May 19, 2023 | 16:50 GMT+7

Colliers Vietnam: Promising outlook for Vietnam’s hospitality real estate market

Diep Linh -

Pockets of opportunities remain in Vietnam’s hospitality real estate market as recovery efforts continue, according to Colliers Vietnam.

Vietnam possesses the fundamentals for developing hospitality properties, including the rise of its middle class, increasing accessibility to travel thanks to improved infrastructure, and the country’s openness to international trade, which drives business travel, events, and conferences, etc. Investing in hospitality real estate is therefore a smart bet, according to Mr. David Jackson, CEO of Colliers Vietnam.

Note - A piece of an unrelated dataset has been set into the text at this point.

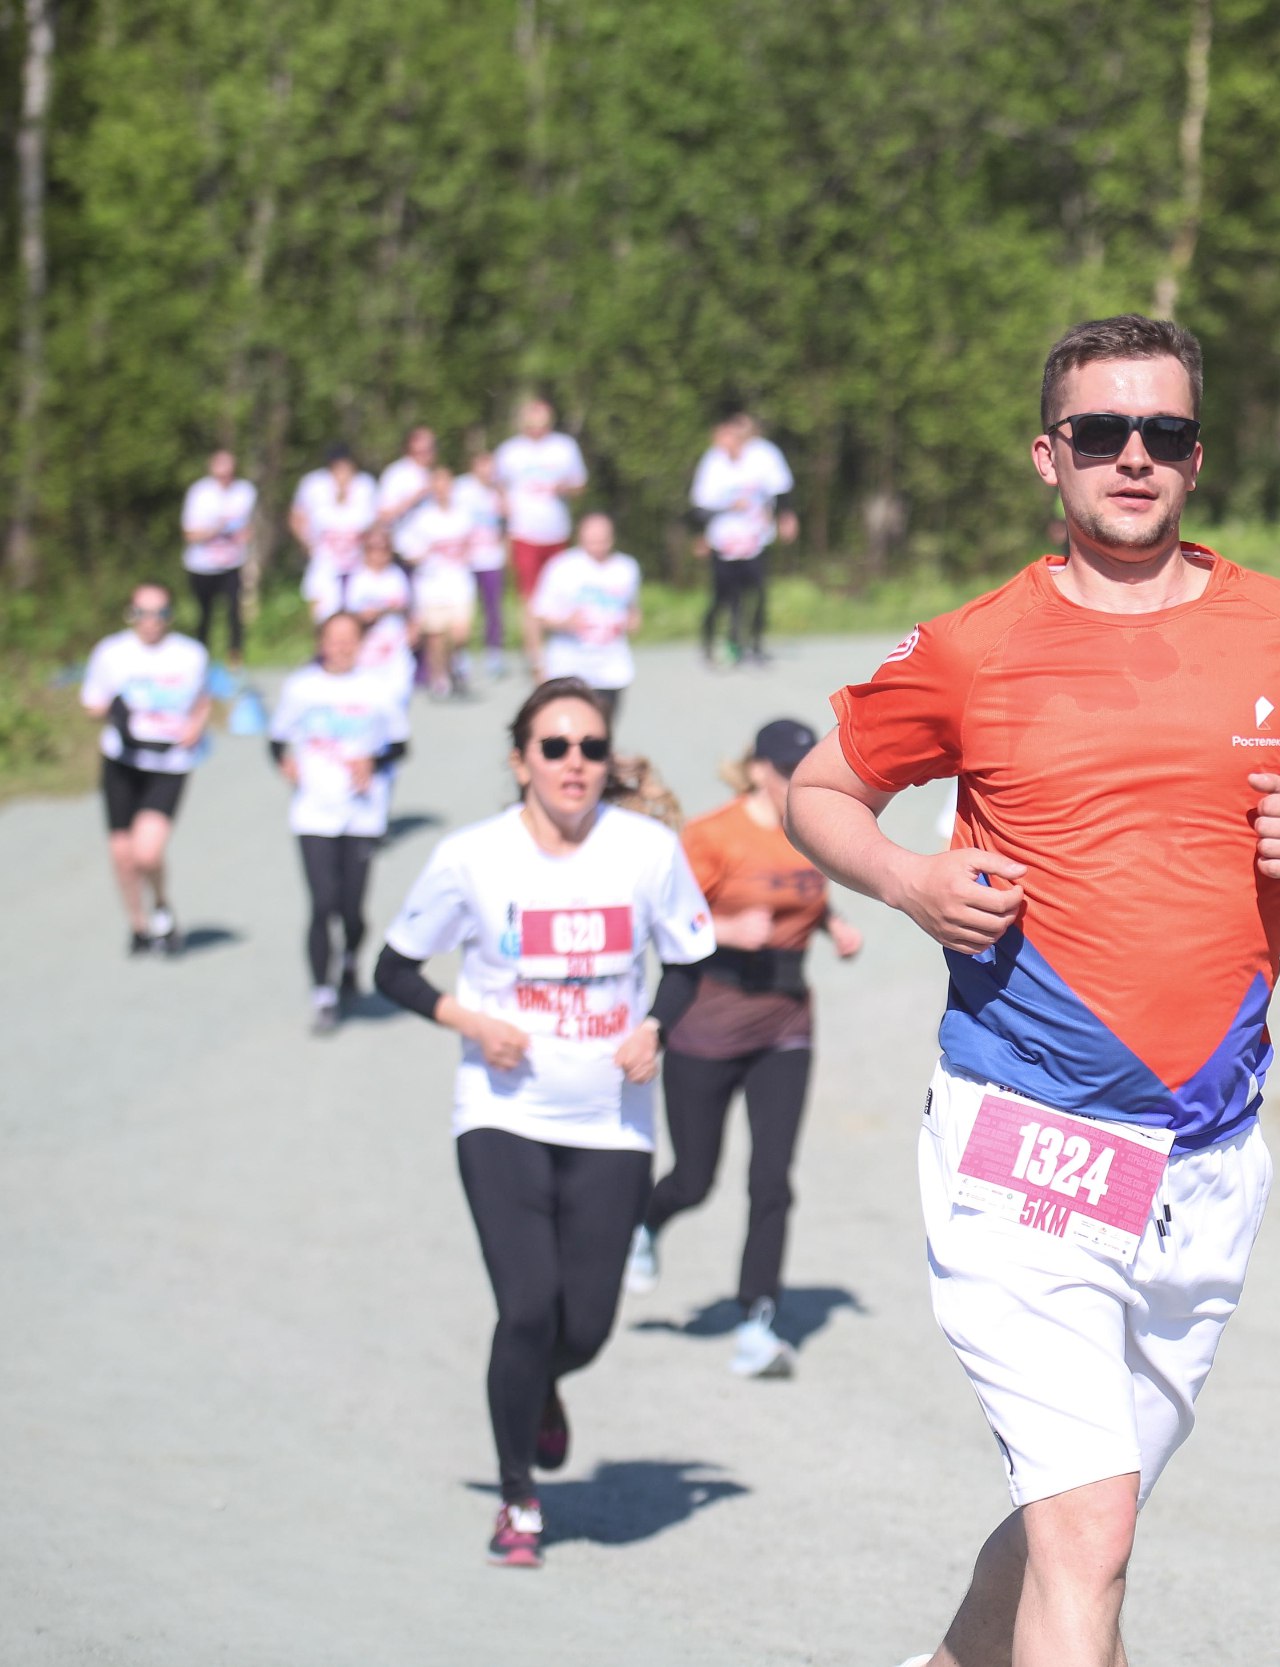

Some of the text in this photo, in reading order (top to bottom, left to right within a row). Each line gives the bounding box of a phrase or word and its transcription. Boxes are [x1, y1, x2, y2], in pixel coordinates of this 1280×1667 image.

Though Vietnam’s tourism recovery somewhat lags behind other Asian markets and uncertainties remain due to the economic slowdown, not to mention the freezing of the hospitality real estate market, Colliers nonetheless believes that pockets of opportunities are present in Vietnam.

In 2019, occupancy rates in the 30,000 or so hospitality establishments around the country, such as hotels, resorts, and villas, stood at 52 per cent.

Over the past decade, hotel supply in Vietnam has grown three-fold and roughly 100 new hotel projects are in the pipeline over the next three years. Mid-scale and luxury room supply grew the strongest, up 6.7-fold from 2009 to 2022, while villas and resort shophouses increased 20 per cent and 34 per cent, respectively, year-on-year in 2022. The number of international hotel brands is expected to double over the next three years, from 127 in 2022 to 261 in 2025.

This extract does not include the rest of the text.